Chagas disease is mostly spread by insects known as Triatominae, or "kissing bugs", but can also be transmitted by contaminated fruit, blood transfusion and from mother to child during pregnancy. While treatment can cure patients if given early enough, once the disease is established it is less effective.

Sex in biological organisms is important for many different reasons, primarily to evolve and most organisms do engage in sexual activity of one sort or another. By studying a large group of parasites found in a small area in Ecuador, and sequencing the whole genome of those they found, the researchers were able to spot the tell-tale signatures that sexual activity leaves in the genes.

“Sex is evident for many species, but remains difficult to establish for the tiniest organisms on Earth.
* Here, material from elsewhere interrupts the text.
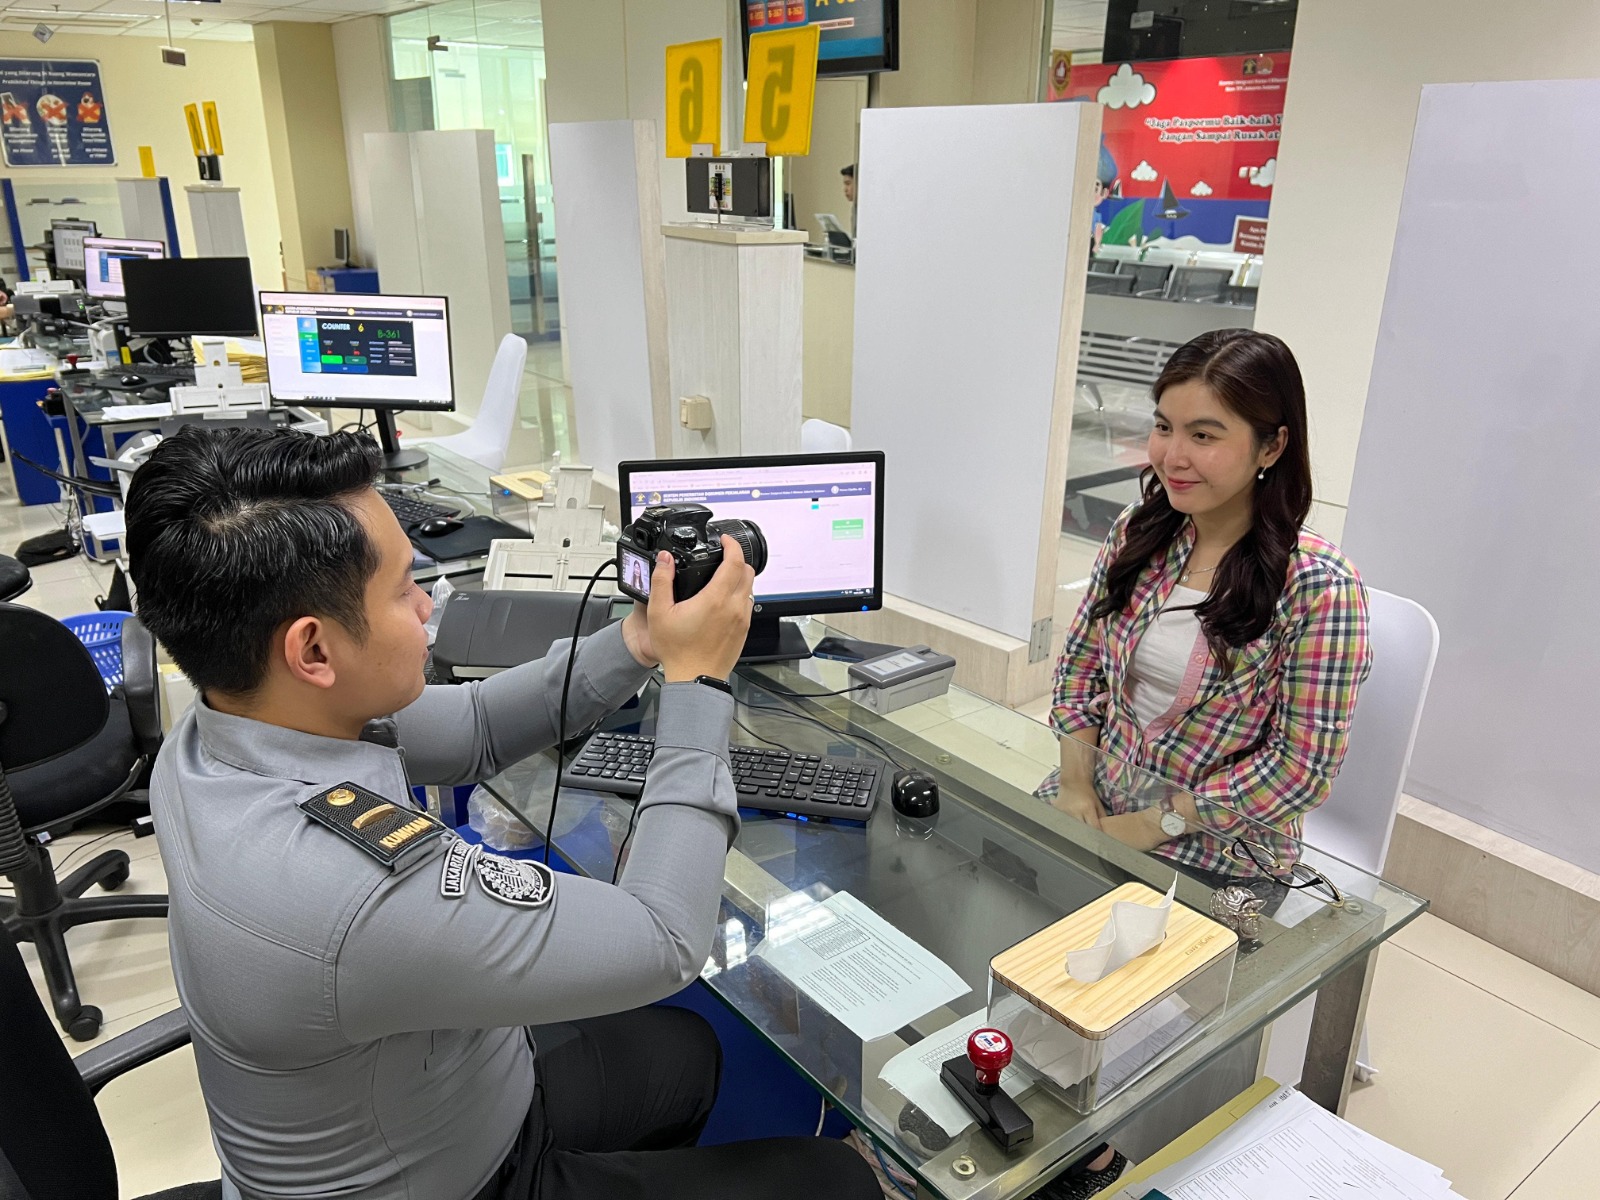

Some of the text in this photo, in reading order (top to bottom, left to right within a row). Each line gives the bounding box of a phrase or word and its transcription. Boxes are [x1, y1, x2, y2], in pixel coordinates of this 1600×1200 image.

Thanks to technological advances we can now determine the genetic code and make predictions about their sexual activity,” says genomics expert Dr Frederik Van den Broeck from ITM’s Unit of Molecular Parasitology, who contributed to the study.

Lead author of the research, Dr Philipp Schwabl from the University of Glasgow, says: “There has been a lot of argument among scientists about whether T. cruzi is sexual or not. It turns out people weren’t looking in the right places. We sampled and analysed, in unprecedented detail, the parasites found in a small geographic area in Ecuador. Remarkably, we discovered that some groups of parasites can be highly sexual. However, it also seems other groups of parasites from very nearby sites can behave very differently – seemingly completely abstinent.”

“These parasites can exert different strategies to reproduce. It remains unclear why, but our research at ITM has shown similar patterns in Trypanosoma congolense, the major agent of Animal African Trypanosomiasis and in Leishmania, the parasite responsible for leishmaniasis. These studies on the fundamental biology of parasites are relevant to predict the role of sex in spreading epidemiologically relevant traits such as drug resistance,” concludes Dr Frederik Van den Broeck.

The study, ‘Meiotic sex in Chagas disease parasite Trypanosoma cruzi’ is published in Nature Communications.